#### WHAT YOU SHOULD DO
Could you write out every record below exactly, leaving the pictures out?

#### RECORDS SUPPLIED
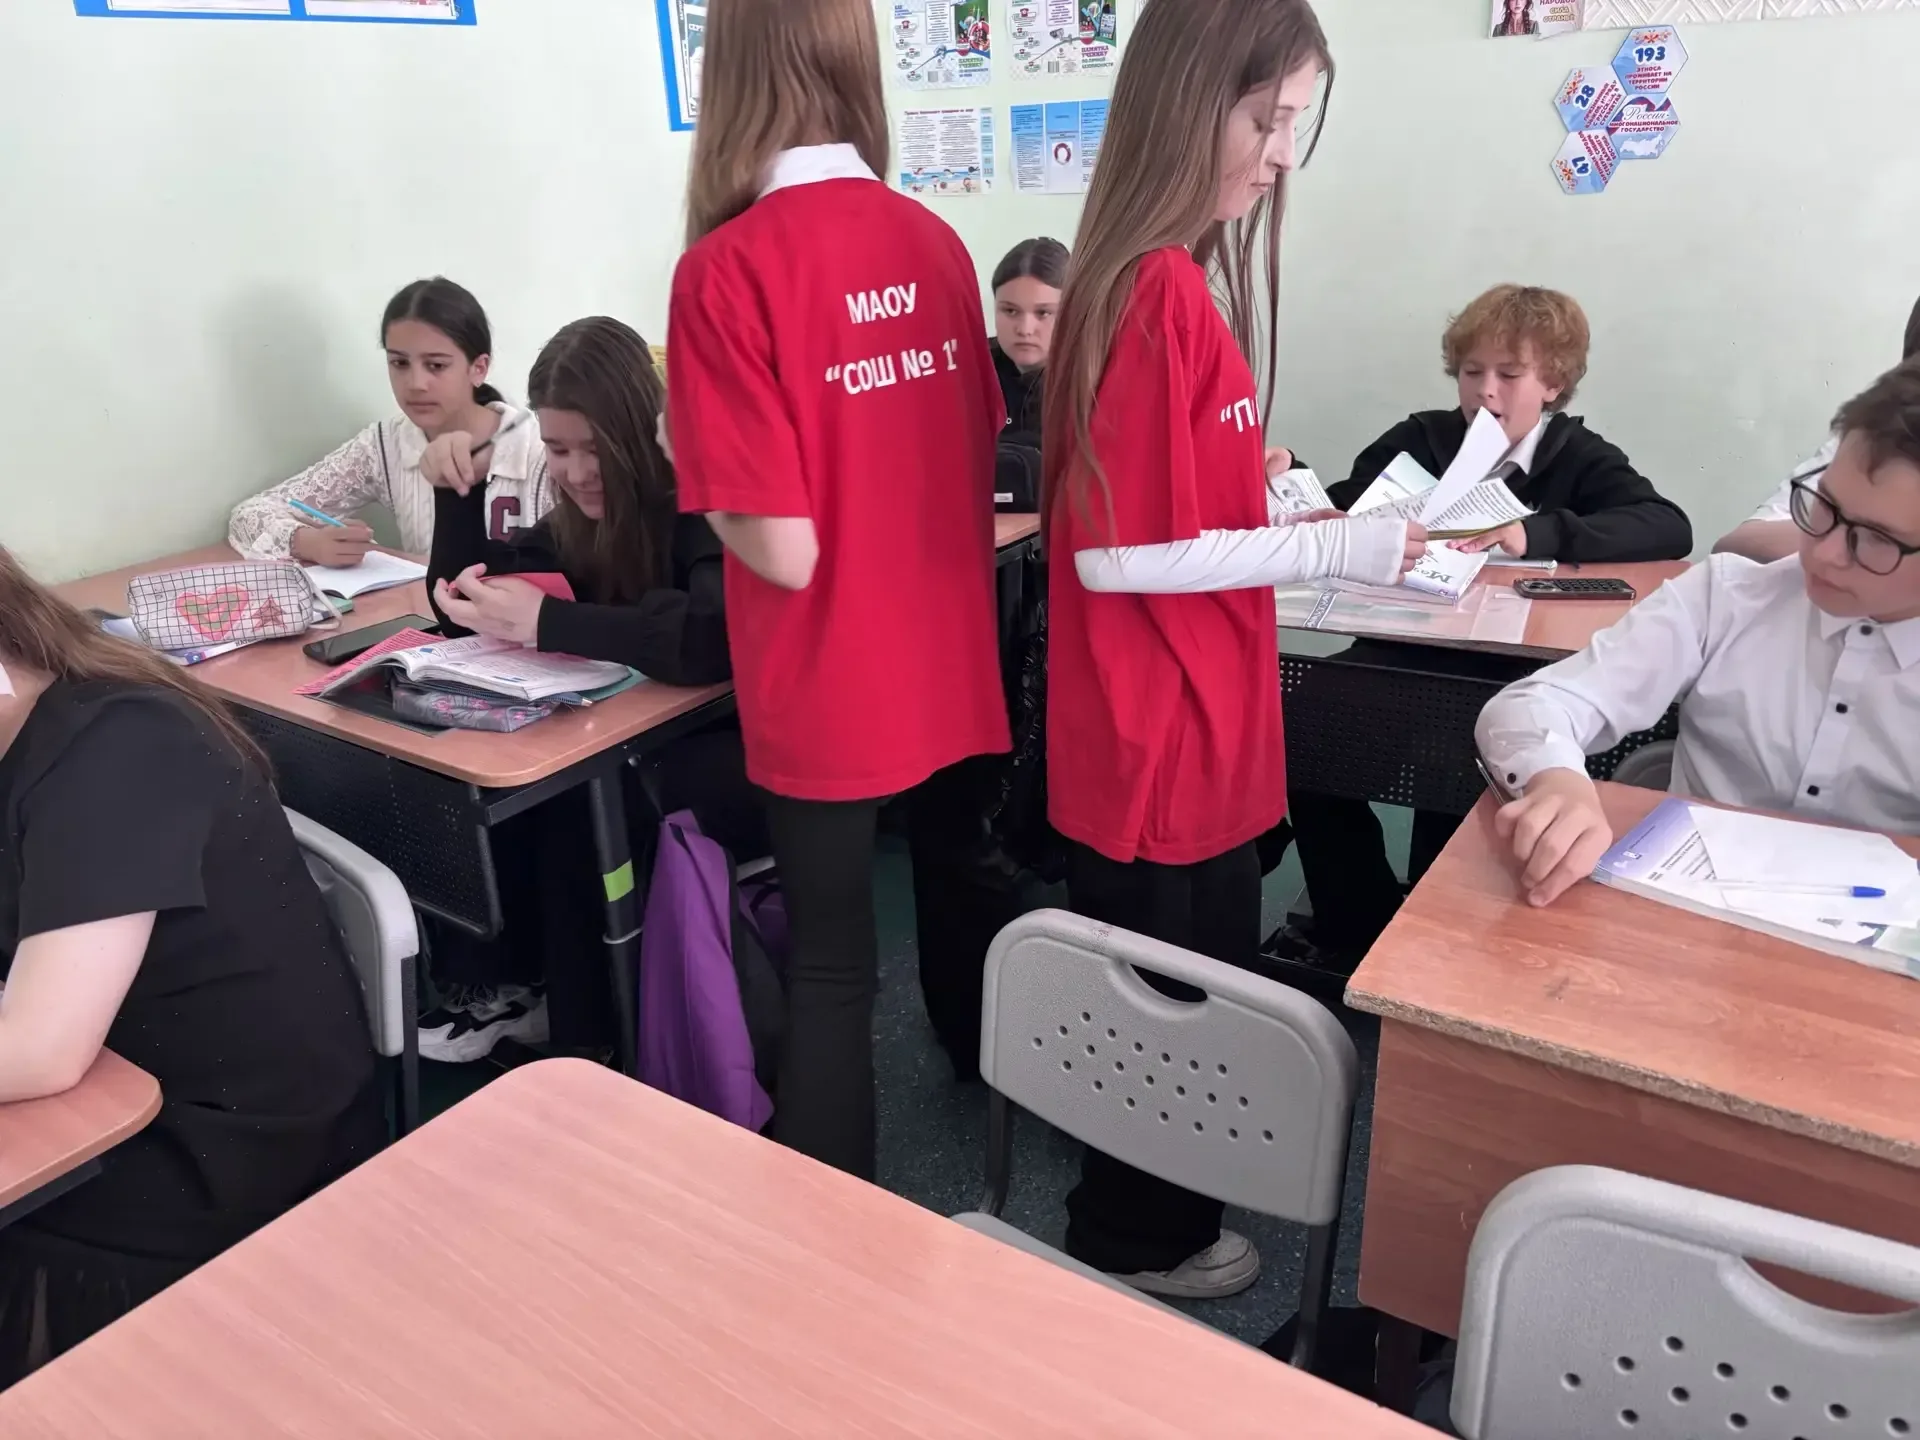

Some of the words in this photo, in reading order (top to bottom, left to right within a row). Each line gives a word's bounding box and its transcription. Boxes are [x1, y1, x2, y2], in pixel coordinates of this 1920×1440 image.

[1635, 46, 1666, 63] 193
[1629, 77, 1668, 85] ТЕРРИТОРИИ
[1575, 84, 1596, 108] 28
[1571, 156, 1589, 174] 47
[845, 282, 917, 324] МАОУ
[900, 348, 936, 381] №

#### OUTPUT FOR THIS EXERCISE
Some of the words in this photo, in reading order (top to bottom, left to right within a row). Each line gives a word's bounding box and its transcription. Boxes are [x1, y1, x2, y2], in pixel coordinates of this 1920×1440 image.

[1635, 46, 1666, 63] 193
[1629, 77, 1668, 85] ТЕРРИТОРИИ
[1575, 84, 1596, 108] 28
[1571, 156, 1589, 174] 47
[845, 282, 917, 324] МАОУ
[900, 348, 936, 381] №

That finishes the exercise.